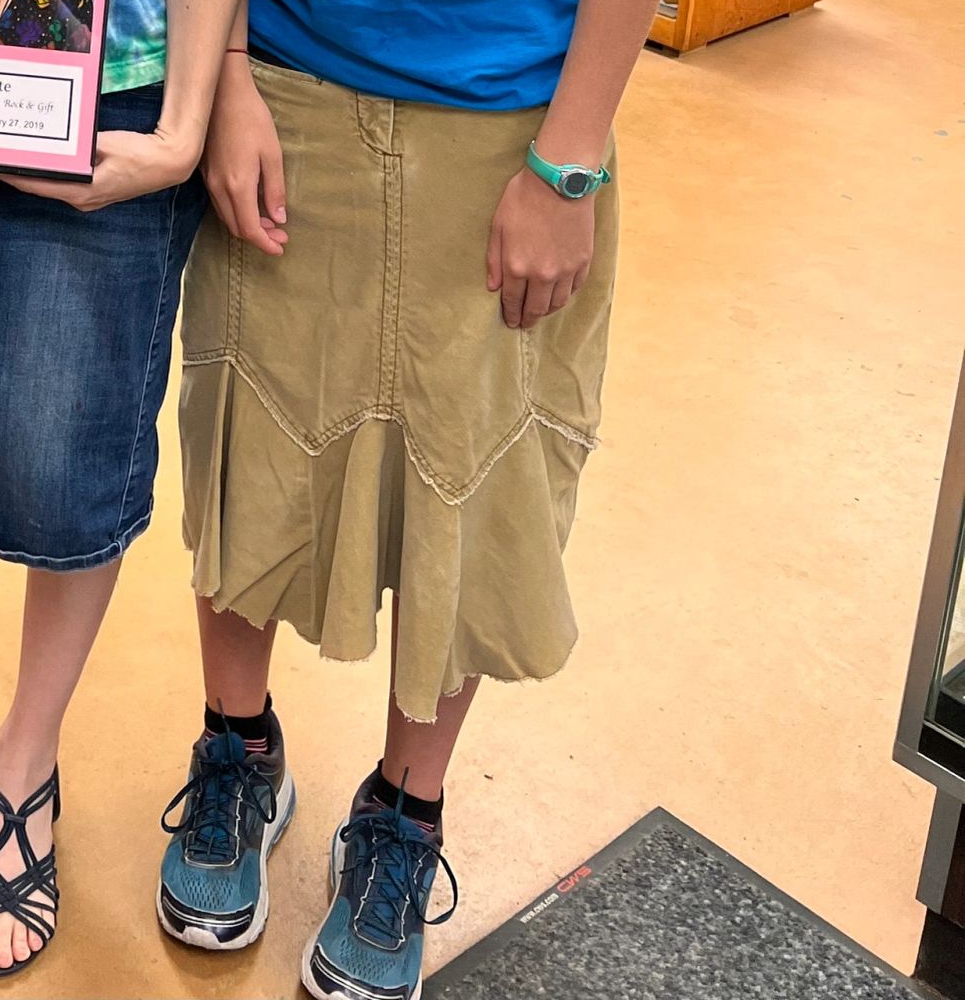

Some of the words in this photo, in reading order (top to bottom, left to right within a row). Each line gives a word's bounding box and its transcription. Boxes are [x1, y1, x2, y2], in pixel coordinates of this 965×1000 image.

[3, 99, 25, 110] Rock
[26, 101, 34, 109] &
[37, 101, 54, 114] Gift
[8, 119, 21, 129] 27,
[24, 120, 44, 130] 2019
[556, 866, 592, 893] CWS

Exercise requirements: Repeat every entry above word for word, and include no pictures.

Written reply:
Some of the words in this photo, in reading order (top to bottom, left to right within a row). Each line gives a word's bounding box and its transcription. Boxes are [x1, y1, x2, y2], in pixel coordinates of this 965×1000 image.

[3, 99, 25, 110] Rock
[26, 101, 34, 109] &
[37, 101, 54, 114] Gift
[8, 119, 21, 129] 27,
[24, 120, 44, 130] 2019
[556, 866, 592, 893] CWS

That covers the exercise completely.